[Date Prev][Date Next][Thread Prev][Thread Next][Date Index][Thread Index]

Re: [SAGE] Sun Enterprise hardware watchdog enable experience



On Wed, 28 Aug 2002, Jeff Mallory wrote:

>
> Hi all,
>
> The Sun Enterprise machines have a hardware watchdog that can reboot the
> server if the OS misses resetting it (presumably because the system has
> crashed or hung). This feature is off by default (enabled with set
> watchdog_enable = 1 in /etc/system ) and my crusty brain cells tell me this
> was once a semi-flaky feature in earlier Sun hardware, hence the
> off-by-default setting.
>
> There is a software watchdog that blinks the front panel operating light
> (among other things) but I believe it can only force the system to the
> OpenBoot prompt when it detects a problem.
>
> Has anyone had experience one way or the other with using (or mis-using)

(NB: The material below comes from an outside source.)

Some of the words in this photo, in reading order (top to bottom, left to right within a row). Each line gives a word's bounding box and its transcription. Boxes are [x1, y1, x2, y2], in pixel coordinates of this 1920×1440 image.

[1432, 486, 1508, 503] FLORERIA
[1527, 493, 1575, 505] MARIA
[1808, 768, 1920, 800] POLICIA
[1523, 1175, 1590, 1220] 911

> this hardware watchdog reset feature?
>
I have not used it on the enterprise systems, but I have used it
successfully on a worldwide deployment of netra t1 class systems.

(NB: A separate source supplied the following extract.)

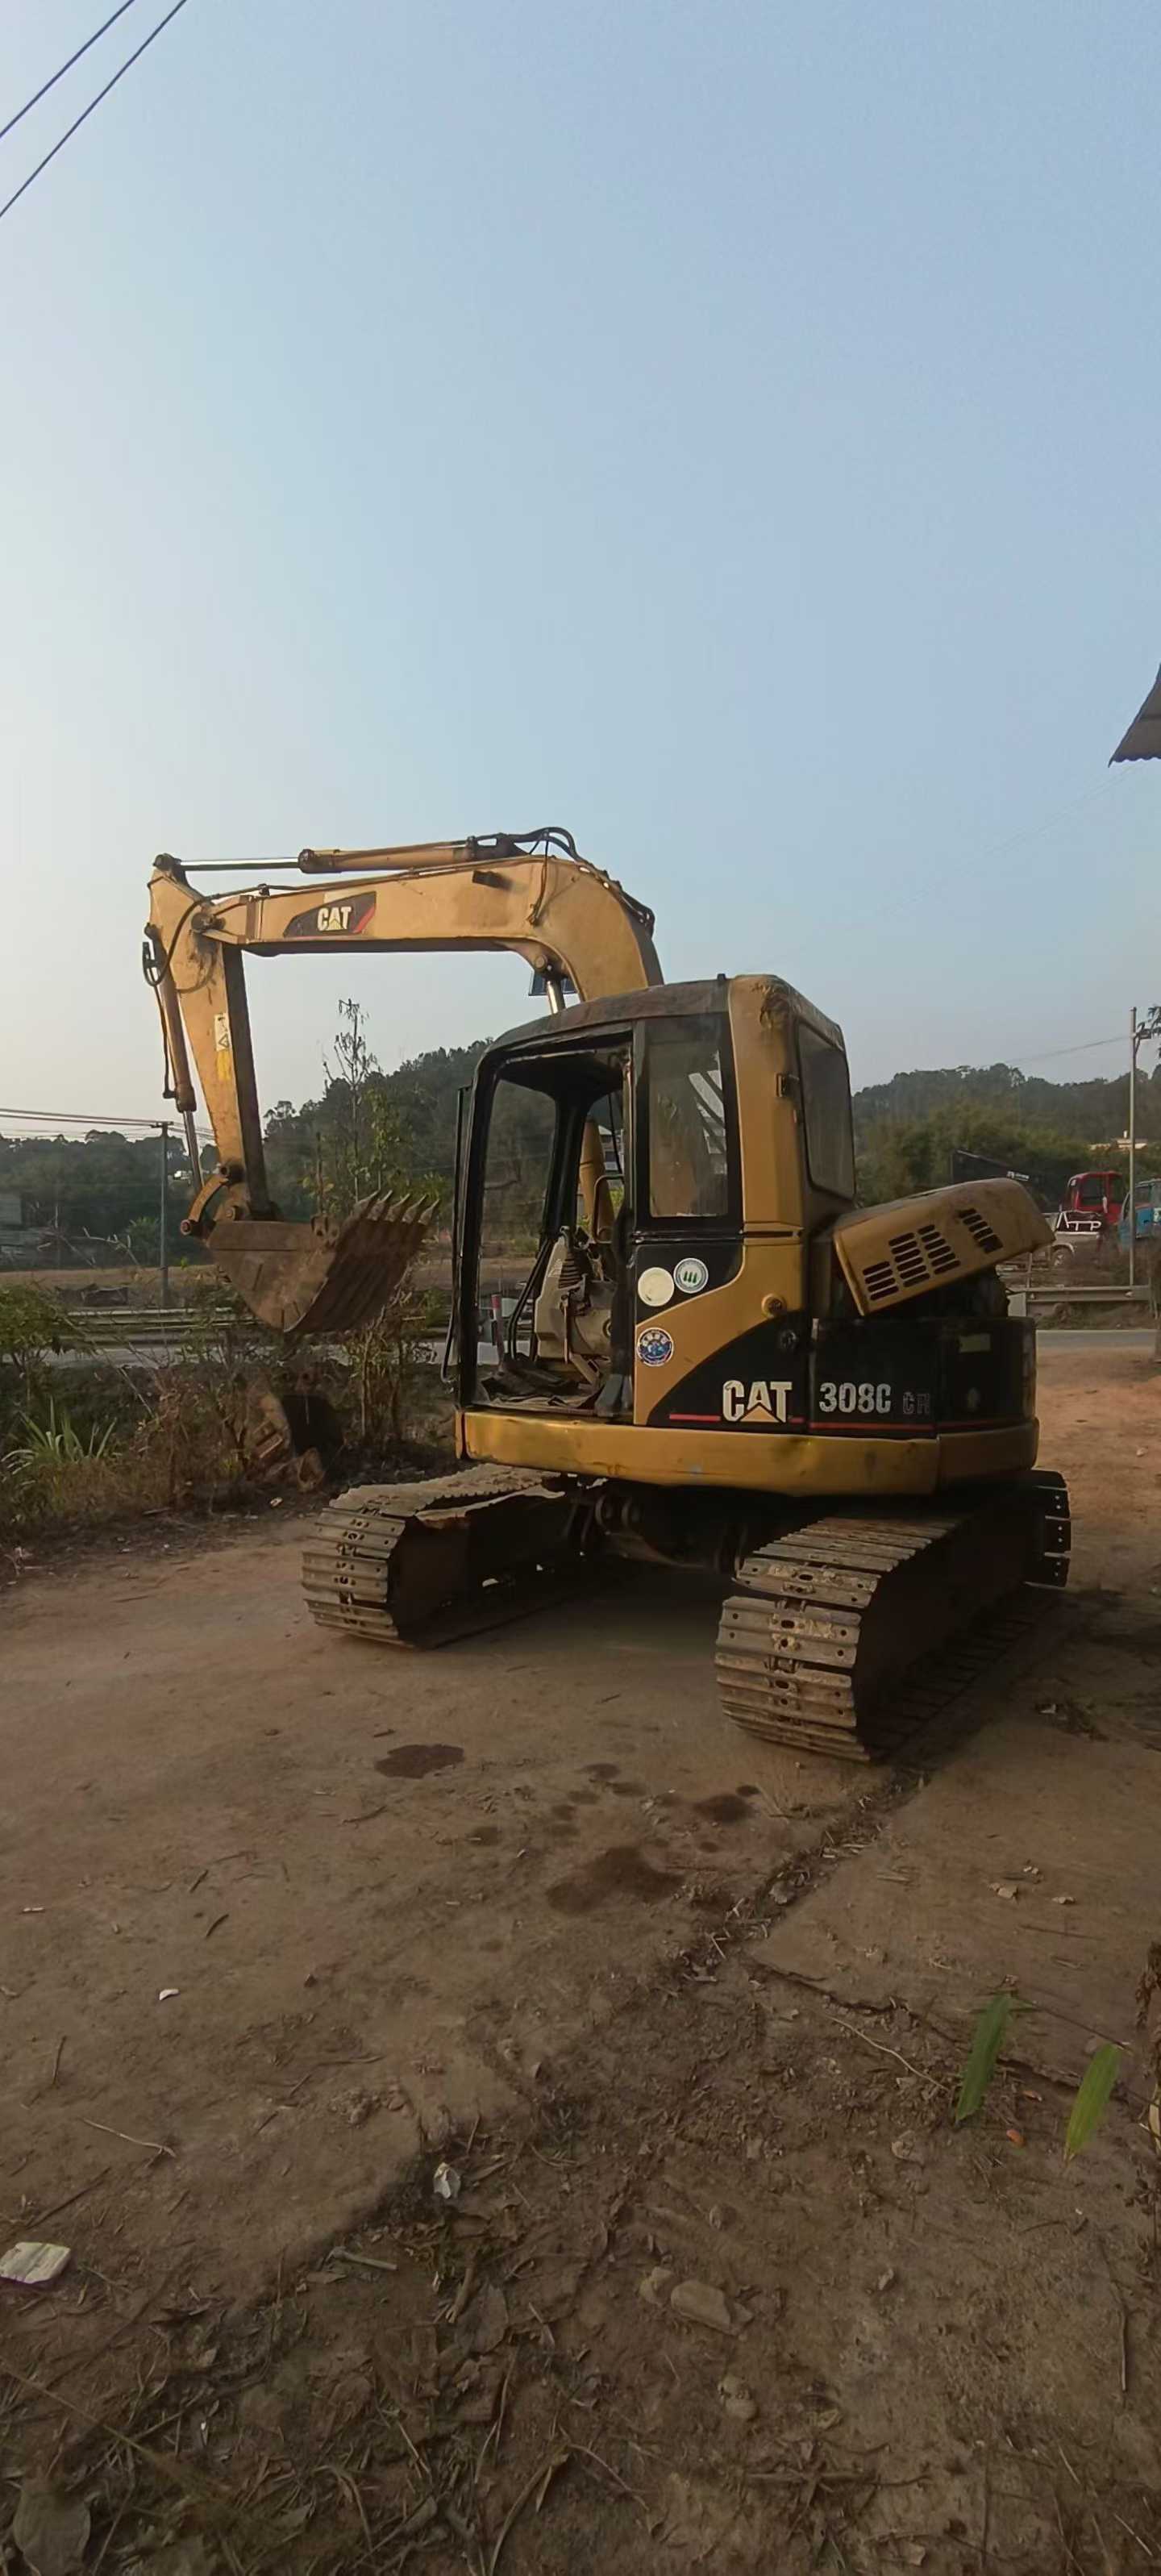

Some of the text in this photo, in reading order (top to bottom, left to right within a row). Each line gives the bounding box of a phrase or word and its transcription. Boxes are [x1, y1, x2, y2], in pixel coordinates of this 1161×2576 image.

They are part of a redundant failover non time-dependent architecture.
There was/is an issue with the machines locking up occassionally, and
watchdog reset as controlled by lom combined with automatic reboot on
lockup combined with logging on /, and /var means I can just forget
about them and worry about more important things. If they get stuck,
they fix themselves and I don't care. On an enterprise machine I'd
have to think more carefully about it, because presumably I'd care
more about the machine getting stuck and what caused it.
	Doug